## Data for review
§

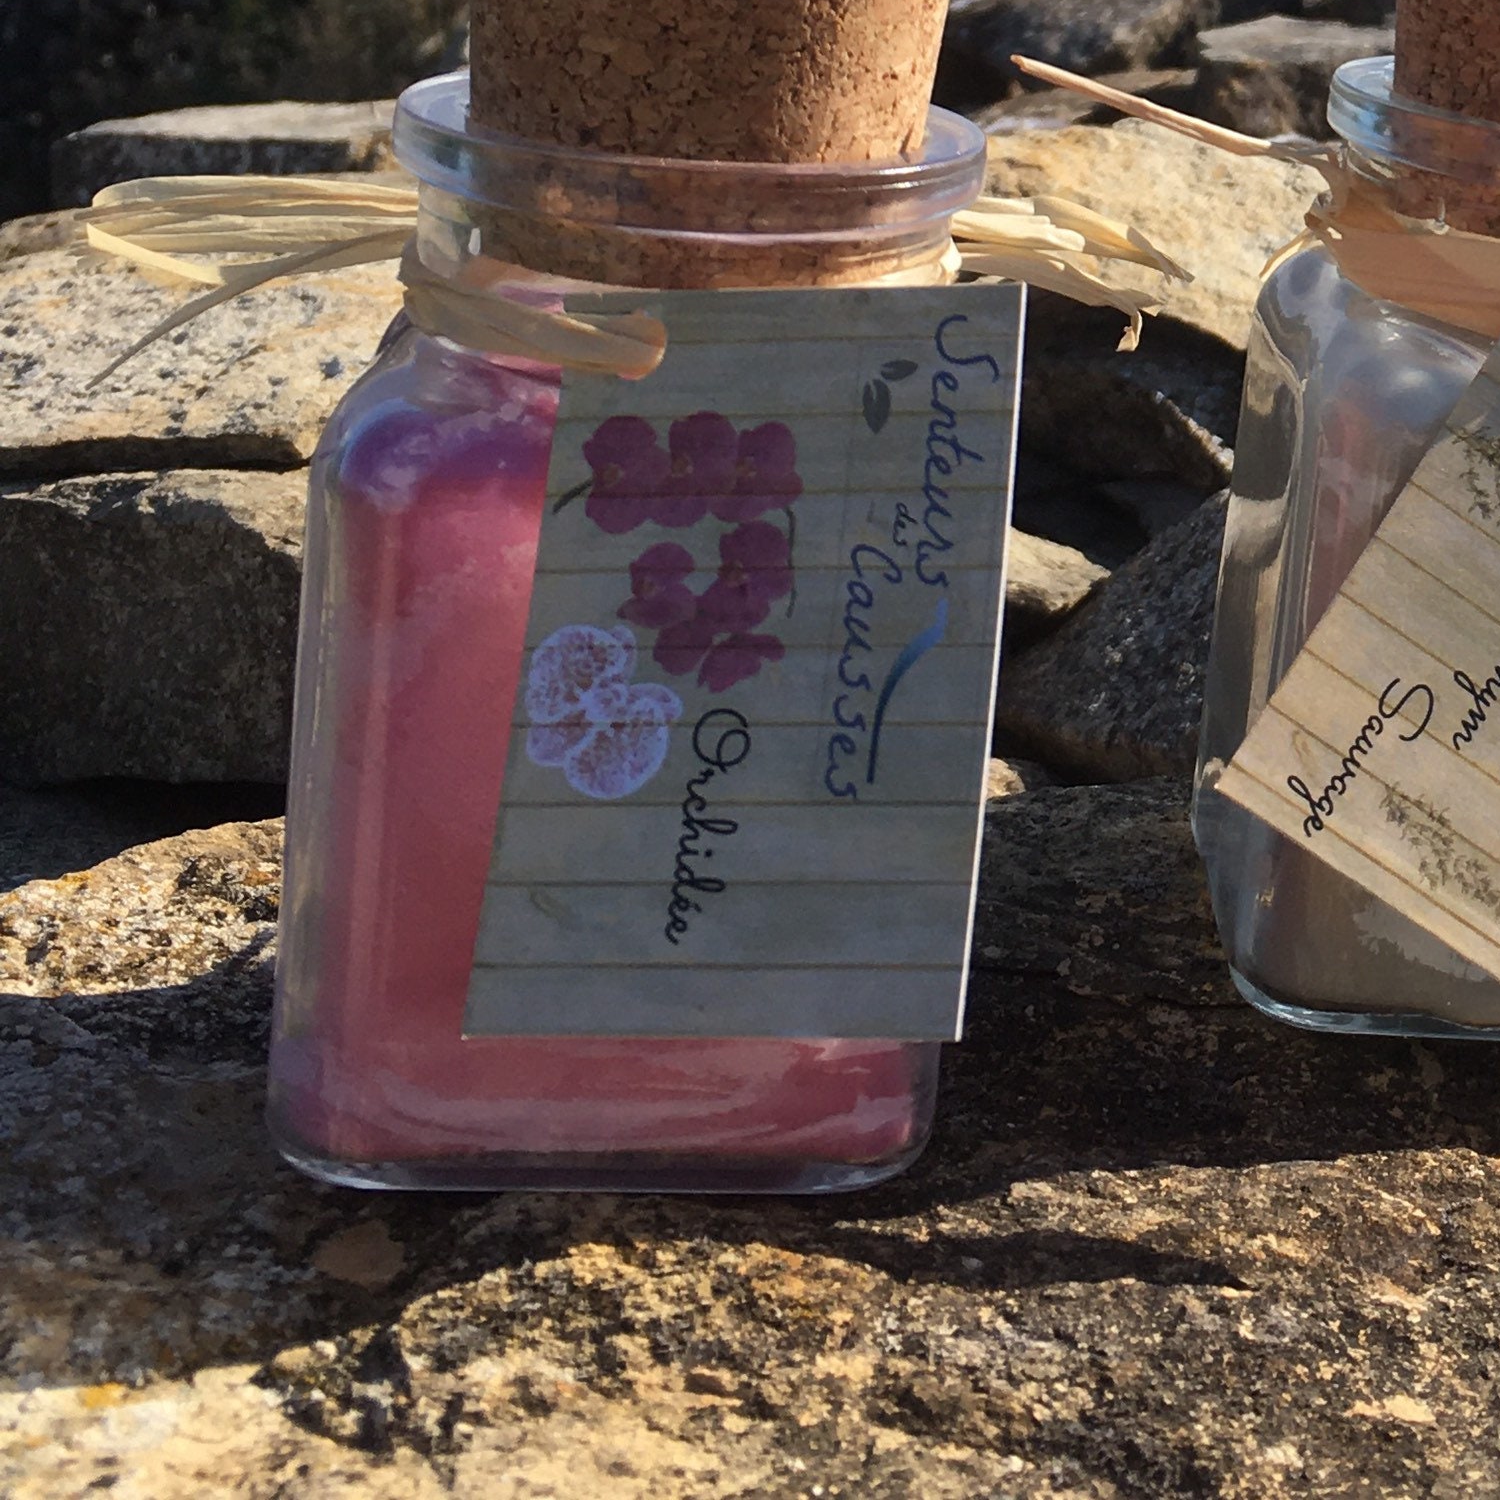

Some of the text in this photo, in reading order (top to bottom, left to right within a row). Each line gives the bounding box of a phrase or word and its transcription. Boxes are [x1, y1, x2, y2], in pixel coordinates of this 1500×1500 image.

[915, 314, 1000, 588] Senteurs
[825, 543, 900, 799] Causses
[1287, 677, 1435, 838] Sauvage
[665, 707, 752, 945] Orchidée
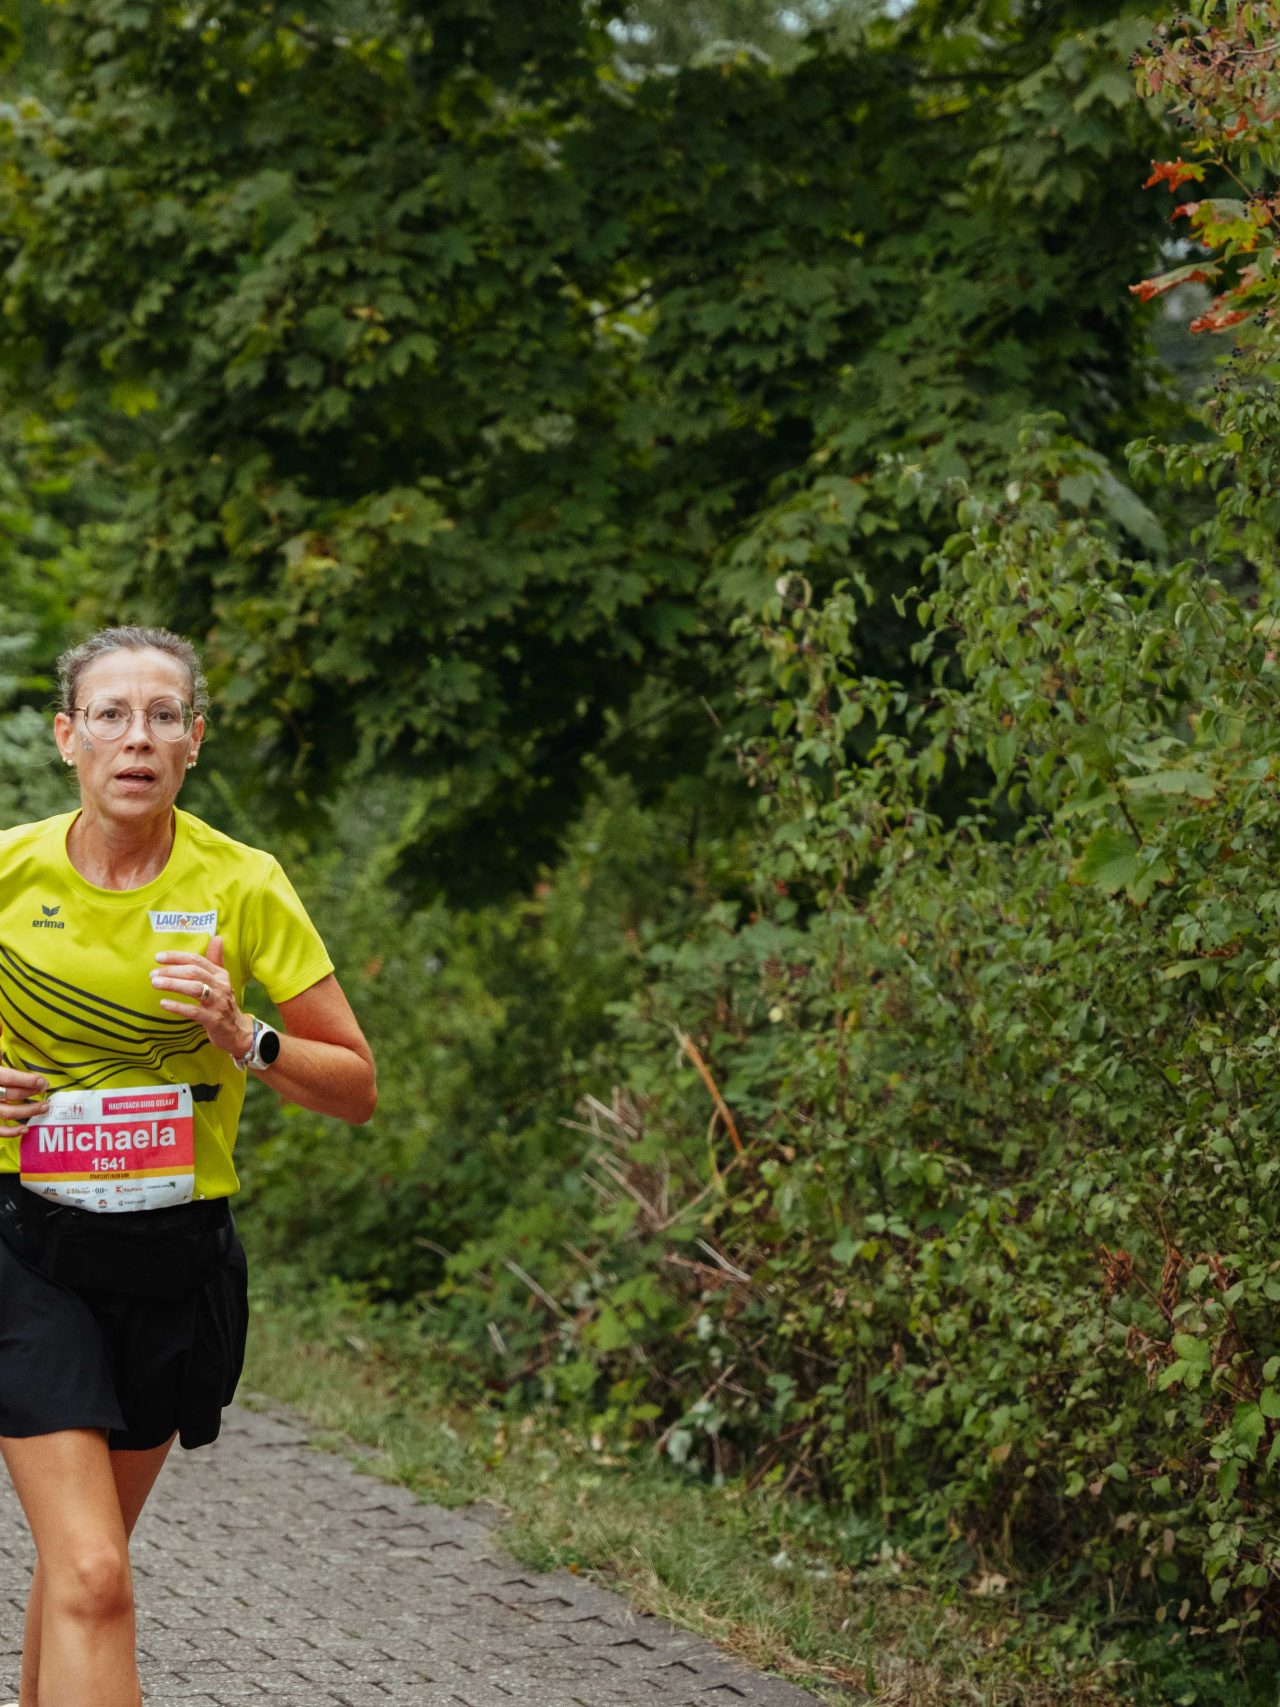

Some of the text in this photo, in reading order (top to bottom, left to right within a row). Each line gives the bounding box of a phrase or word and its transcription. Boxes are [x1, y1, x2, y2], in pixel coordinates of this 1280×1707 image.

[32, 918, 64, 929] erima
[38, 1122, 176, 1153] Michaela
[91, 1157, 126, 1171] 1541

§

## Your task
With the pictures stripped out, return each record word for word.

## Written solution
Some of the text in this photo, in reading order (top to bottom, left to right within a row). Each line gives the bounding box of a phrase or word and its transcription. Boxes are [x1, y1, x2, y2], in pixel coordinates of this 1500×1500 image.

[915, 314, 1000, 588] Senteurs
[825, 543, 900, 799] Causses
[1287, 677, 1435, 838] Sauvage
[665, 707, 752, 945] Orchidée

Some of the text in this photo, in reading order (top to bottom, left to right within a row). Each line gives the bounding box of a phrase or word and its transcription. Boxes are [x1, y1, x2, y2], in pixel coordinates of this 1280×1707 image.

[32, 918, 64, 929] erima
[38, 1122, 176, 1153] Michaela
[91, 1157, 126, 1171] 1541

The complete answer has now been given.